__Activity__.
Output each line of the data below exactly, omitting any image.

*** Available data ***

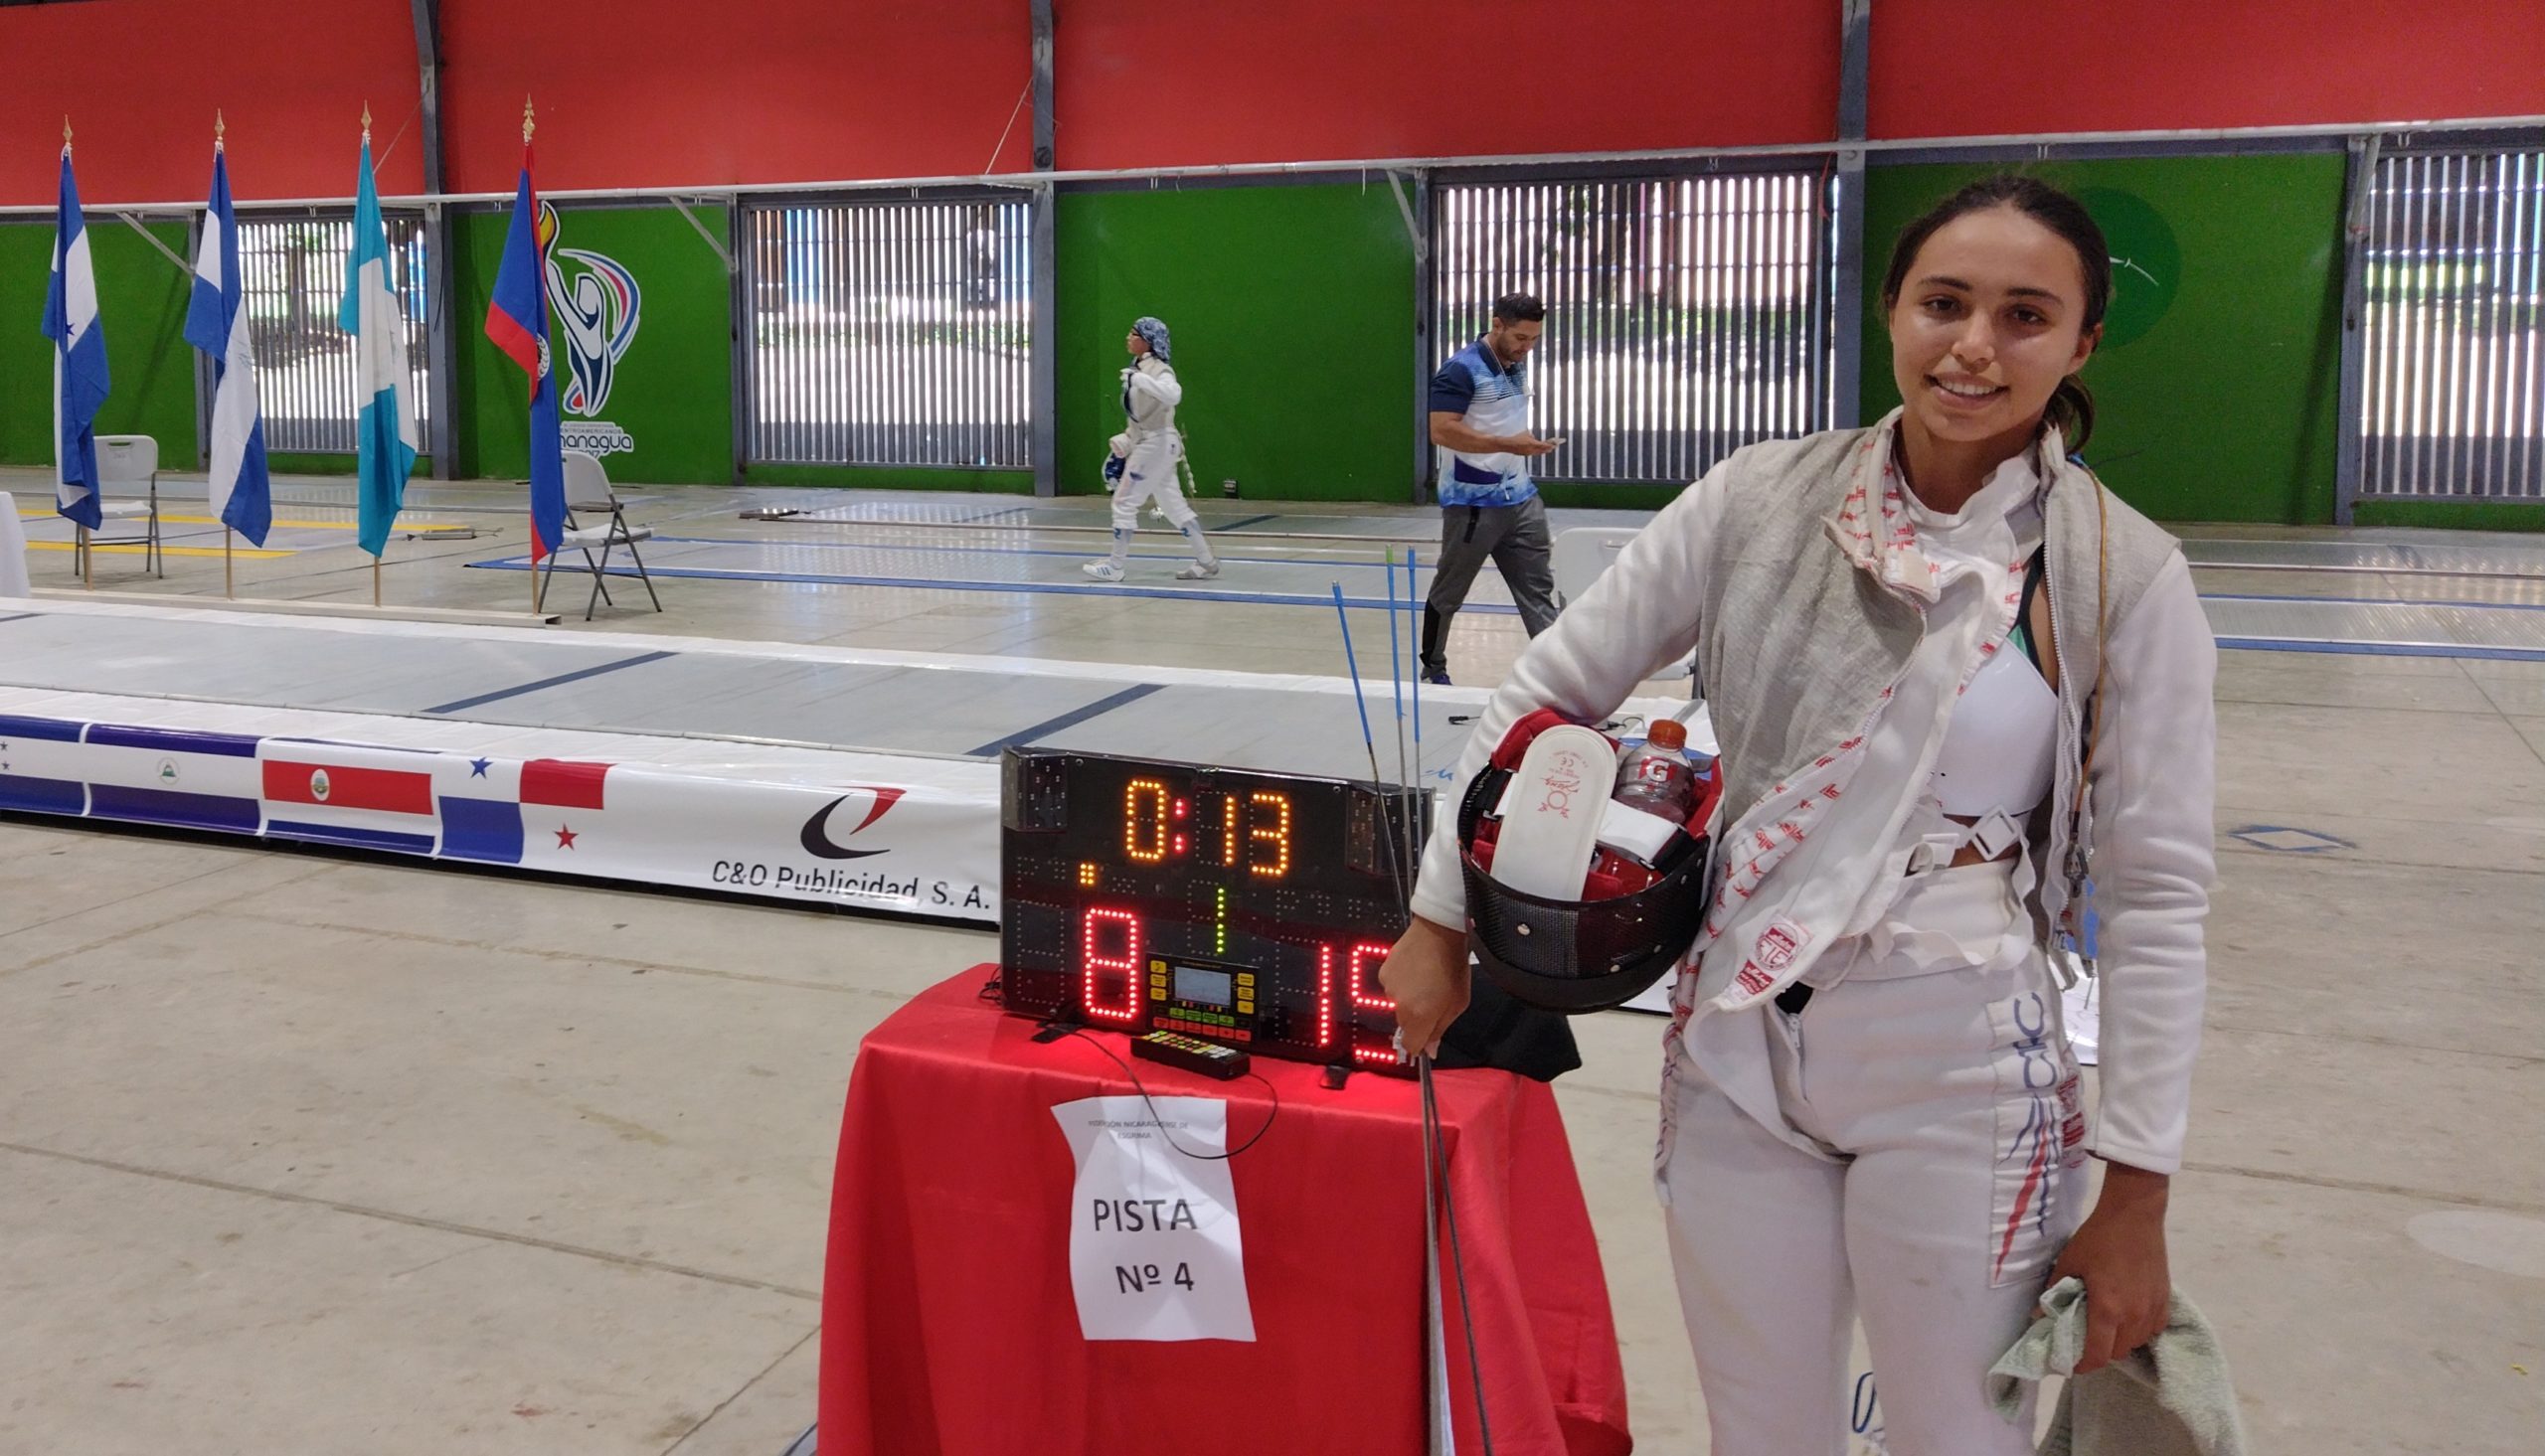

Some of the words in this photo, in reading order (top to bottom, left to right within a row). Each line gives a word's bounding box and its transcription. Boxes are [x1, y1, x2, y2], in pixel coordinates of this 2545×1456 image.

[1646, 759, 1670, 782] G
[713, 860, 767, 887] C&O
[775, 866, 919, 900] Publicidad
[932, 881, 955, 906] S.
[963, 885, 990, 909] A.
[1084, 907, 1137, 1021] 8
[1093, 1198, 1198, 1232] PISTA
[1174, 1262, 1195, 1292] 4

*** End of Available data ***

__Problem solution__.
Some of the words in this photo, in reading order (top to bottom, left to right within a row). Each line gives a word's bounding box and its transcription. Boxes are [x1, y1, x2, y2], in pixel coordinates of this 2545×1456 image.

[1646, 759, 1670, 782] G
[713, 860, 767, 887] C&O
[775, 866, 919, 900] Publicidad
[932, 881, 955, 906] S.
[963, 885, 990, 909] A.
[1084, 907, 1137, 1021] 8
[1093, 1198, 1198, 1232] PISTA
[1174, 1262, 1195, 1292] 4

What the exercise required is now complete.